When I worked as a senior training specialist at the U.S. Patent and Trademark Office, part of my job was to create custom courses for the business units. It was a great experience, and I picked up many internal consulting methods. The most important skill I developed was how to build empathy for the customer’s challenges. Listening closely and dialoguing with the customer was the key to building an effective course that best solved clients’ problems.

Here are three methods that have become some of my most trusted internal consulting tools.

1. Jobs to Be Done Theory

Clayton Christensen developed the Jobs to be Done Theory (JTBDT) after studying buyers’ motivations. You may have heard the famous phrase that people buy drills not because they want a drill; they want half-inch holes. Managers don’t want courses just to send their people to a class. They want the knowledge and behavior change that will result from the course.

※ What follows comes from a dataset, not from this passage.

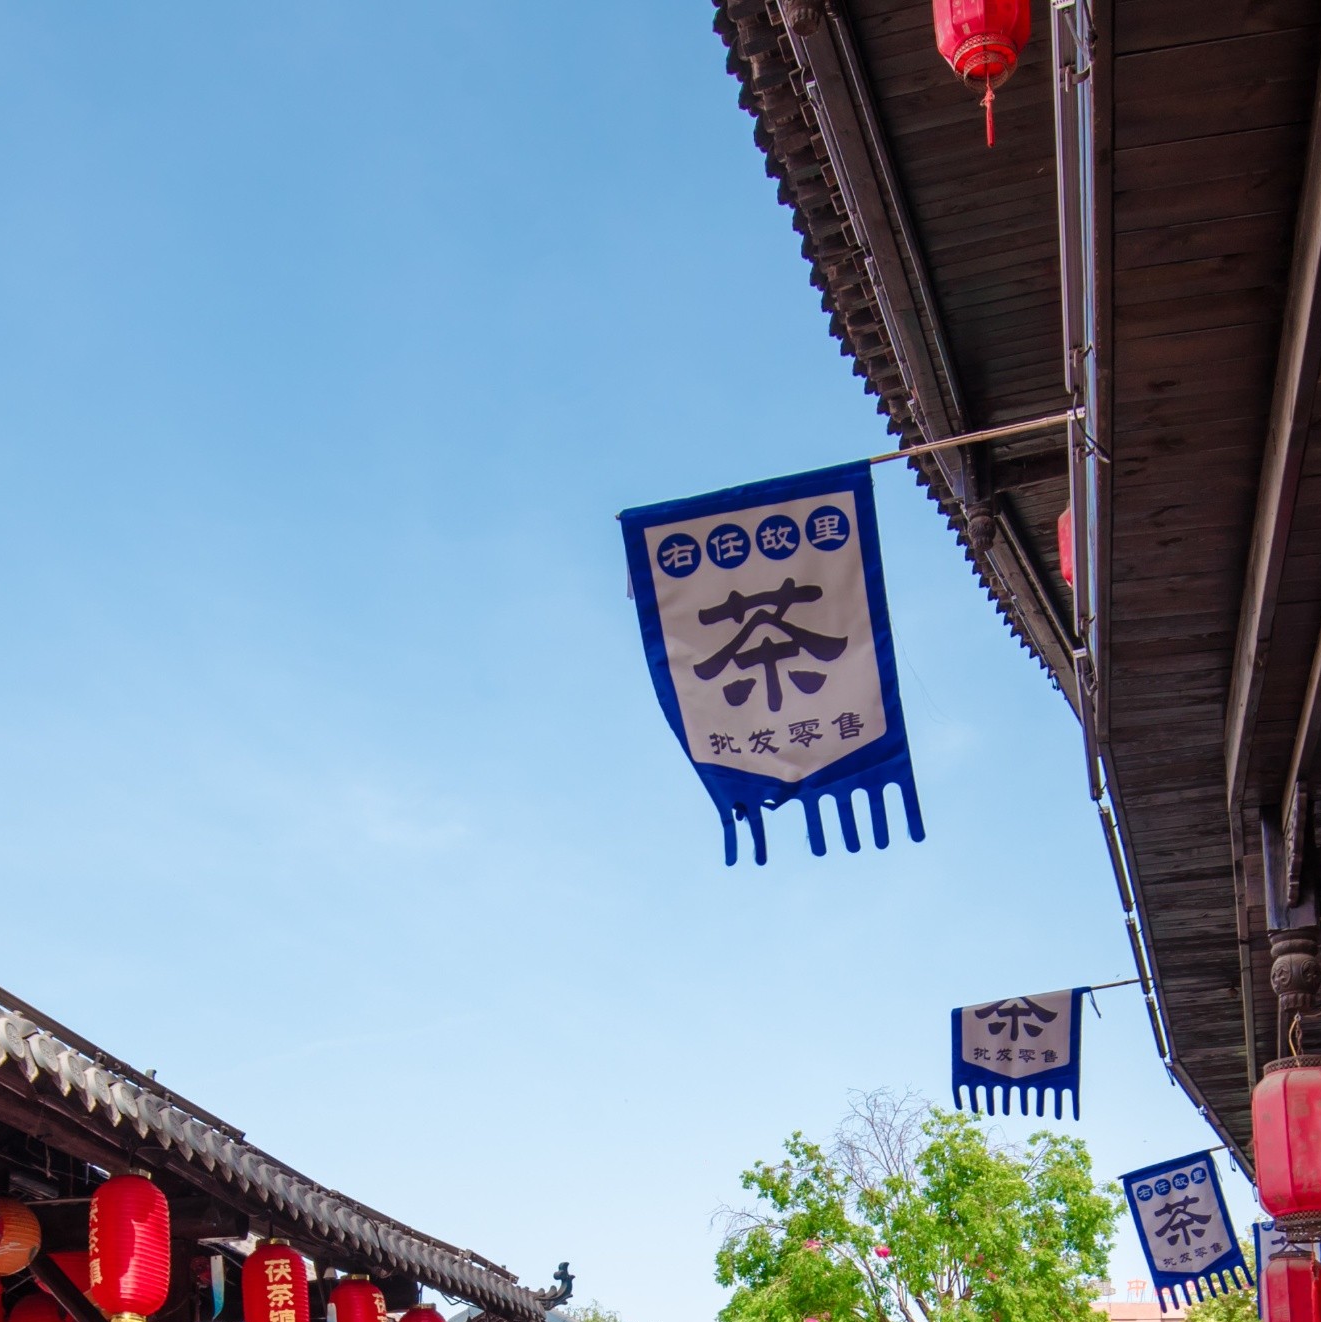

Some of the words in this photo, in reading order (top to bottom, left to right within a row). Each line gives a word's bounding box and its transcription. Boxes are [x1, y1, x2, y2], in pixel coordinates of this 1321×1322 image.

According to JTBDT, you first determine the jobs that the learners need to accomplish. For example, the learners need to create a spreadsheet to analyze data from an ongoing process. Analyzing the data is the job to be done. Currently, the learners have only basic knowledge about spreadsheets and data analysis. They spend hours building the spreadsheet, collecting the data, and analyzing it. That is their pain.

Your job as the internal consultant is to build a course that relieves the learners’ pain by giving them the spreadsheet skills they need to realize gains from their advanced spreadsheet and analysis skills. Start by discovering your prospective learners’ jobs to be done, the pains associated with the jobs, and how your course can alleviate the pains by giving the learners gains.

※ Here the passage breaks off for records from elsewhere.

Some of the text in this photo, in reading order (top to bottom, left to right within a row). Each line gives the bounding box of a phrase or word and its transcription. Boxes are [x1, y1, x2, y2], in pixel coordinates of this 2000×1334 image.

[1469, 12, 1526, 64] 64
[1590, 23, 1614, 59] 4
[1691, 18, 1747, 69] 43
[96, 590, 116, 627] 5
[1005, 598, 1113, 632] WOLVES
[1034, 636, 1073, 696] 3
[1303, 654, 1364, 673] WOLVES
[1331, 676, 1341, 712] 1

2. Look and Understand With Design Thinking

In gaining my design thinking certification from the LUMA Institute, I learned many techniques to help me develop a fuller understanding of clients’ needs. Techniques such as journey mapping a client’s process, observing a day in the life of the learner, and having him or her visually plot their essential concerns have proven invaluable.

Another helpful design thinking technique is “think-aloud testing.” I would have the client go through a job task while telling me their thoughts and decisions as they proceed through the steps. Think-aloud testing helps me understand the pains of their current job task. From my observations, I can think of ways to alleviate the pains and create gains for learners.

3. Pilot Courses

Pilot courses are a great way to verify the information you have gathered from the first two methods. Your first drafts of the pilot courses need not be elaborate; I usually start with the learning objectives and outline topics I show the customer. Once the learning objectives and outline are approved, I fill in the rest of the training information. I do a quick course run-through with my colleagues to obtain their insights.

For the first course with the learners, I invite the managers to observe. I also recruit a colleague to take notes on my delivery and how the learners react to the course. After the course, I work with the colleague to analyze the evaluations, the colleague’s notes, and comments from the managers to refine the course. I will do a couple more cycles of the course to enhance it. After finalizing the course, I will revisit it every six months to confirm that I am meeting the customer’s needs.

As a learning leader, you have a great responsibility in helping the organization meet its strategic goals by building the workforce’s skills. Building your internal consulting skills will help you create and deliver courses and programs that best meet both individual and stakeholder needs.